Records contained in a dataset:
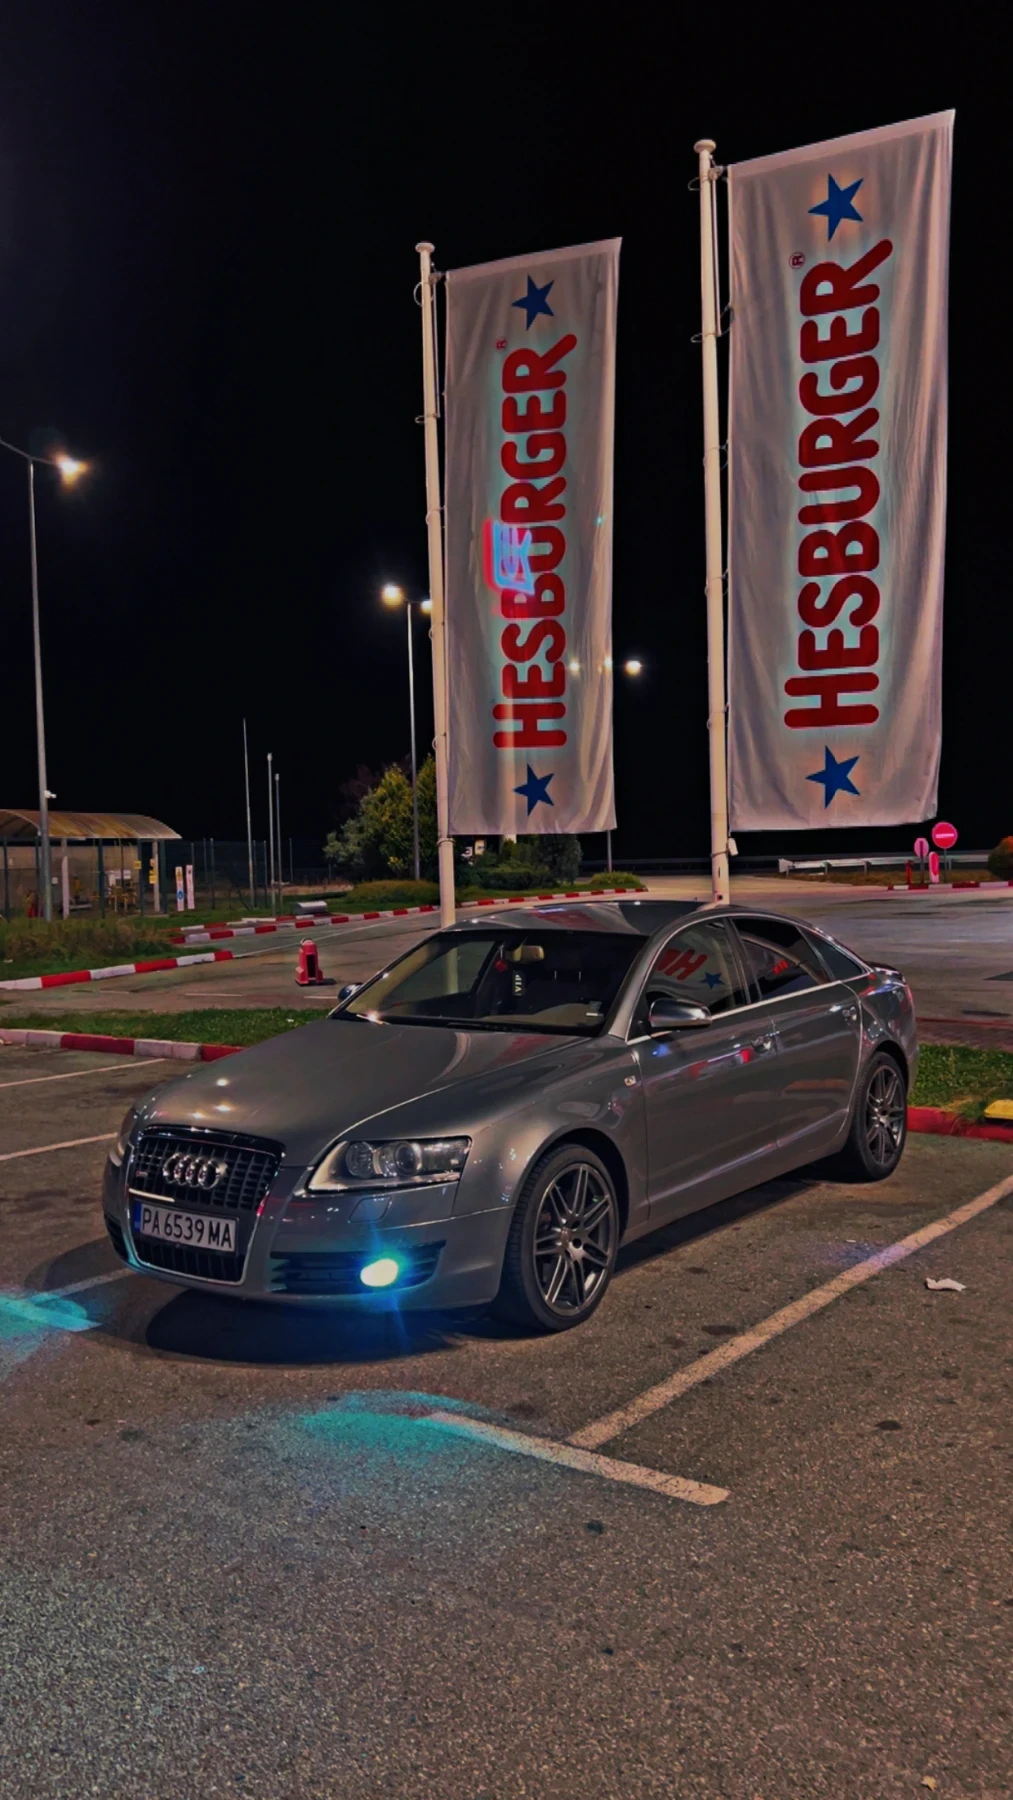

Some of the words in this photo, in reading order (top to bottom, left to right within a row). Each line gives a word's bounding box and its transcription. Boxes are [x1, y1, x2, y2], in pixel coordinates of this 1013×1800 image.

[493, 334, 578, 749] HESBURGER
[784, 239, 893, 728] HESBURGER
[514, 974, 522, 993] VIP
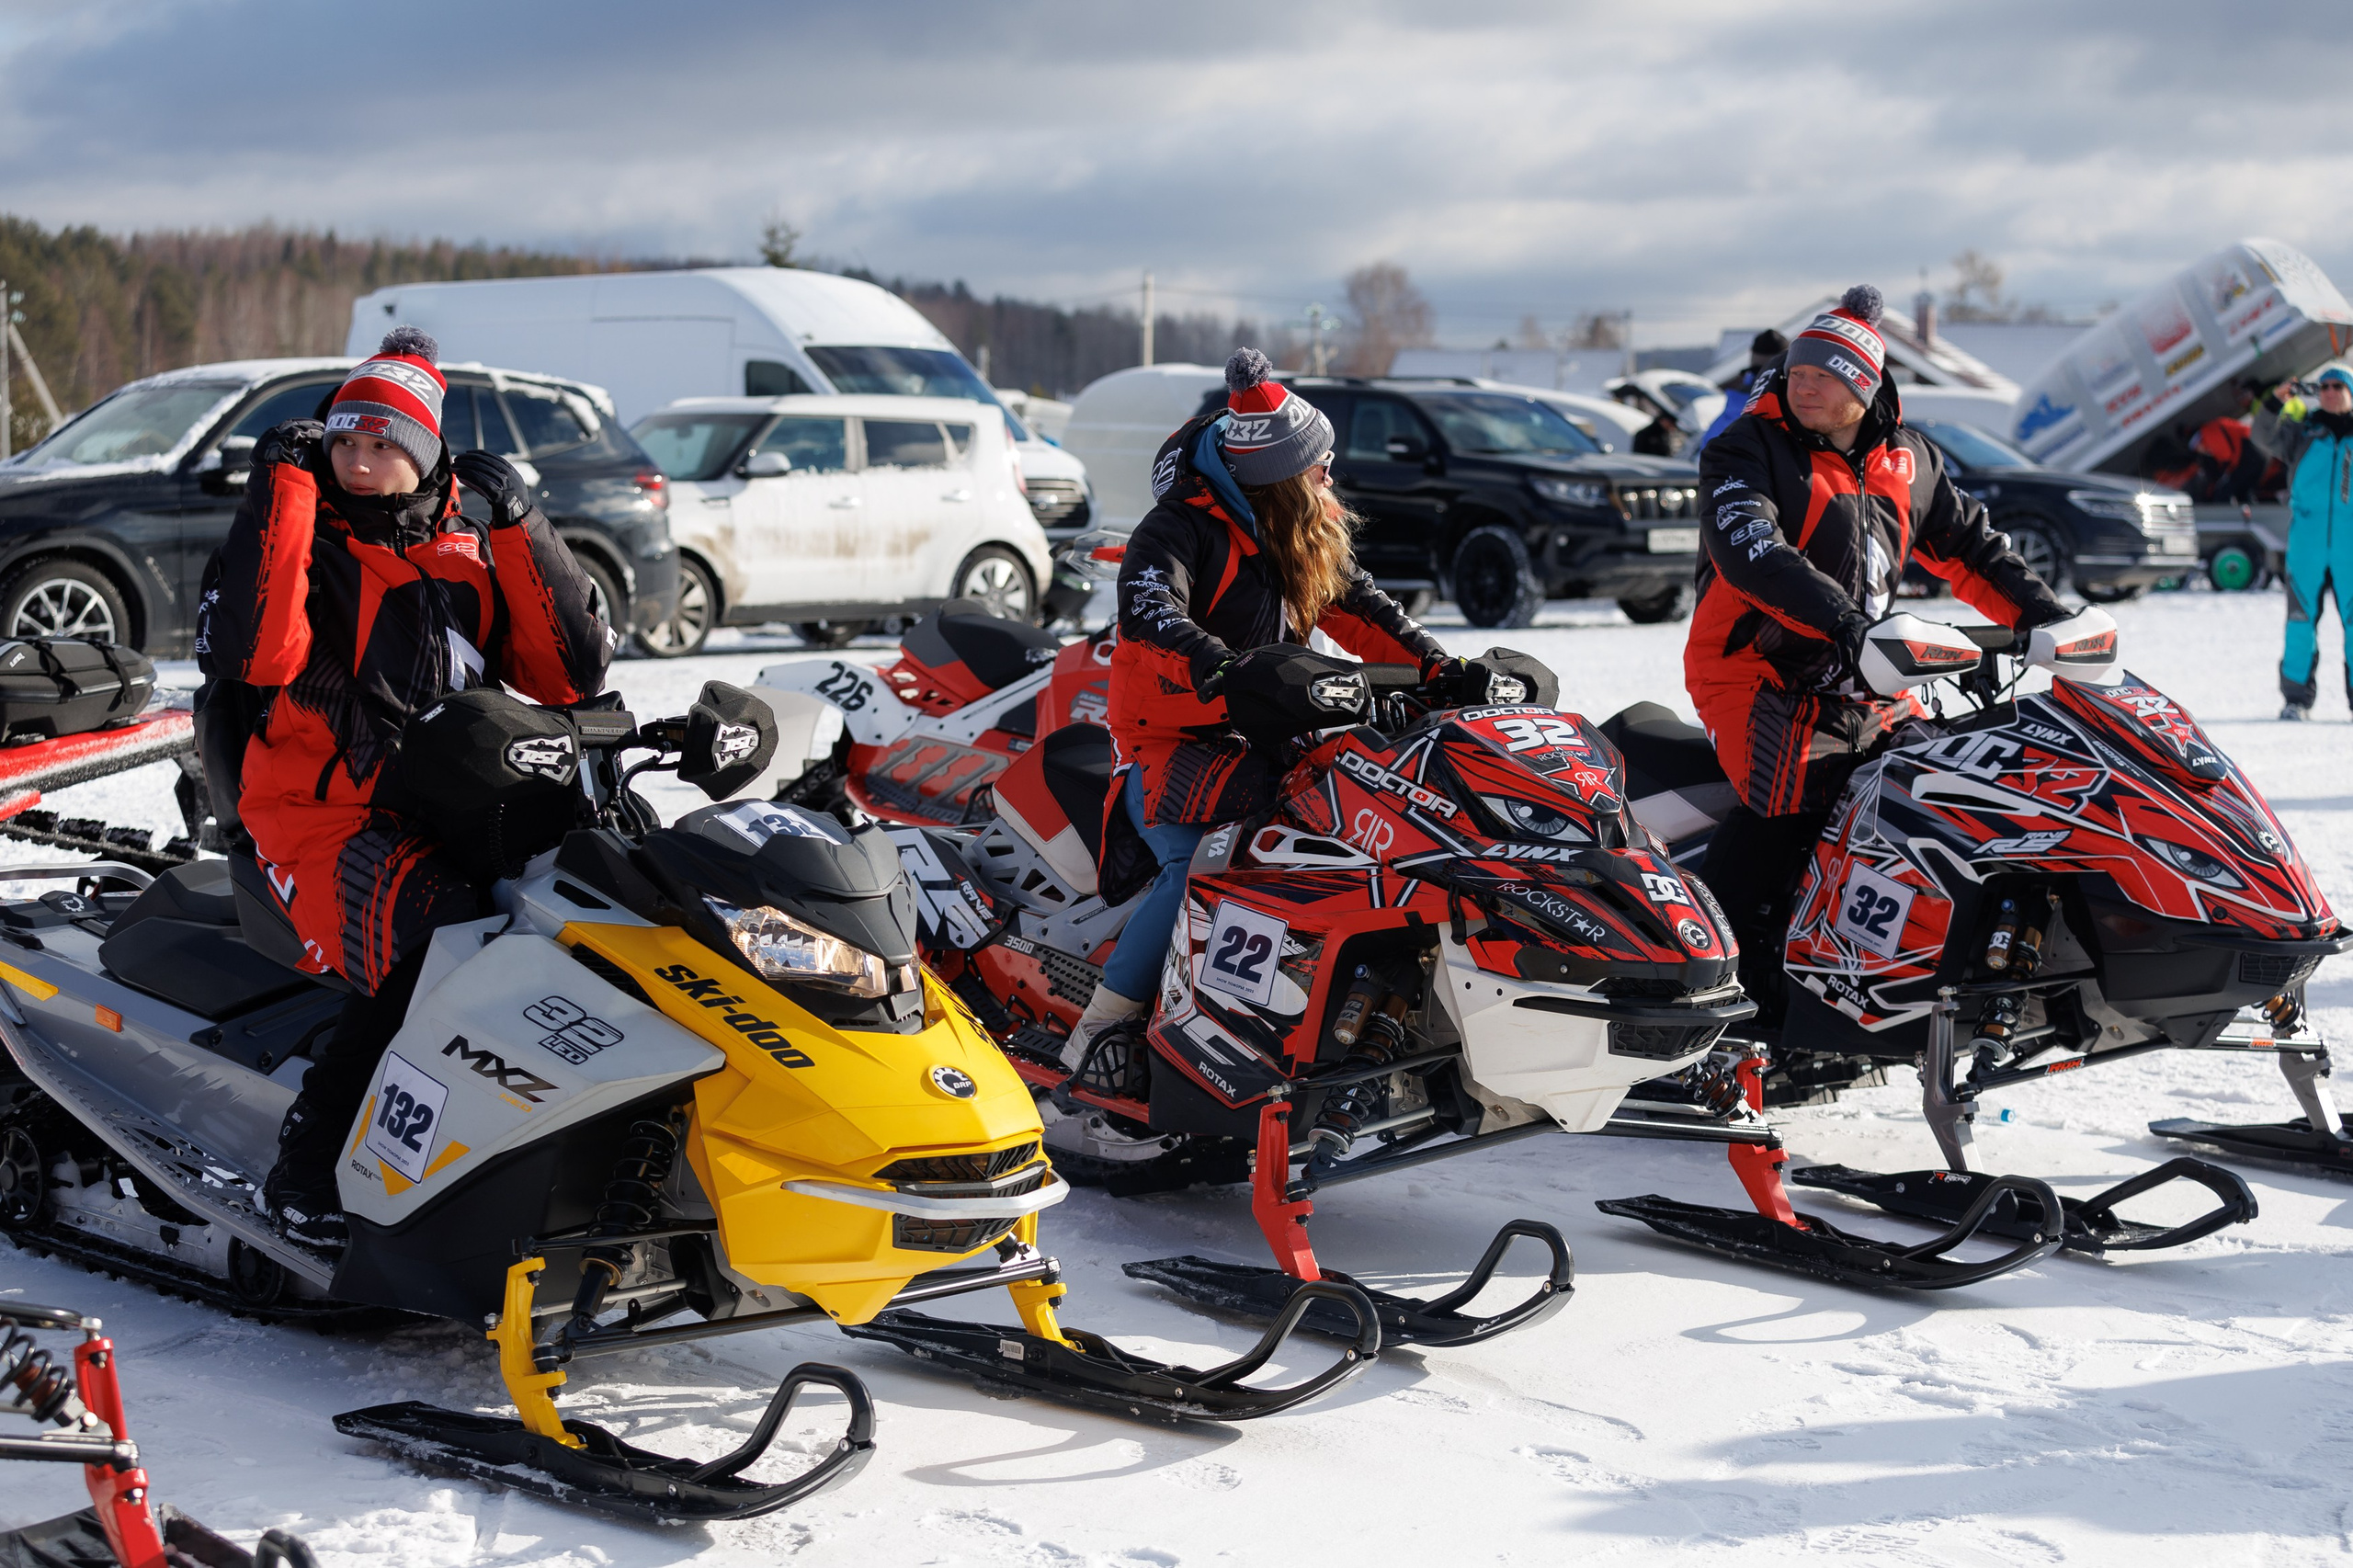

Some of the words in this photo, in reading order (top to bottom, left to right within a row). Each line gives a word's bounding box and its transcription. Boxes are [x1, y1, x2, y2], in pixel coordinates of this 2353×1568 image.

[1726, 499, 1762, 510] brembo
[815, 661, 874, 711] 226
[1462, 707, 1556, 722] DOCTOR
[2120, 695, 2180, 718] 32
[1492, 718, 1586, 753] 32
[2021, 722, 2075, 746] LYNX
[2191, 756, 2219, 767] LYNX
[1339, 750, 1459, 819] DOCTOR
[1972, 836, 2066, 854] RS
[2021, 830, 2071, 840] RAVE
[1480, 843, 1585, 862] LYNX
[960, 880, 995, 920] RAVE
[1640, 872, 1691, 906] DC
[1847, 884, 1901, 940] 32
[1004, 934, 1036, 954] 3500
[1988, 931, 2012, 949] DC
[1211, 925, 1273, 984] 22
[1825, 972, 1870, 1009] ROTAX
[522, 995, 625, 1056] 32
[538, 1034, 589, 1065] LEO
[440, 1034, 561, 1104] MXZ
[1198, 1060, 1237, 1098] ROTAX
[952, 1081, 972, 1089] BRP
[497, 1093, 533, 1113] NEO
[377, 1083, 435, 1154] 132
[350, 1159, 373, 1181] ROTAX

Task directions: The response should consist of the entries above, given again exactly and free of pictures.

Your response:
Some of the words in this photo, in reading order (top to bottom, left to right within a row). Each line gives a word's bounding box and its transcription. Boxes are [x1, y1, x2, y2], in pixel coordinates of this 1013×1800 image.

[493, 334, 578, 749] HESBURGER
[784, 239, 893, 728] HESBURGER
[514, 974, 522, 993] VIP

Some of the words in this photo, in reading order (top to bottom, left to right within a row). Each line gives a word's bounding box and its transcription. Boxes are [x1, y1, x2, y2], in pixel coordinates of this 2353×1568 image.

[1726, 499, 1762, 510] brembo
[815, 661, 874, 711] 226
[1462, 707, 1556, 722] DOCTOR
[2120, 695, 2180, 718] 32
[1492, 718, 1586, 753] 32
[2021, 722, 2075, 746] LYNX
[2191, 756, 2219, 767] LYNX
[1339, 750, 1459, 819] DOCTOR
[1972, 836, 2066, 854] RS
[2021, 830, 2071, 840] RAVE
[1480, 843, 1585, 862] LYNX
[960, 880, 995, 920] RAVE
[1640, 872, 1691, 906] DC
[1847, 884, 1901, 940] 32
[1004, 934, 1036, 954] 3500
[1988, 931, 2012, 949] DC
[1211, 925, 1273, 984] 22
[1825, 972, 1870, 1009] ROTAX
[522, 995, 625, 1056] 32
[538, 1034, 589, 1065] LEO
[440, 1034, 561, 1104] MXZ
[1198, 1060, 1237, 1098] ROTAX
[952, 1081, 972, 1089] BRP
[497, 1093, 533, 1113] NEO
[377, 1083, 435, 1154] 132
[350, 1159, 373, 1181] ROTAX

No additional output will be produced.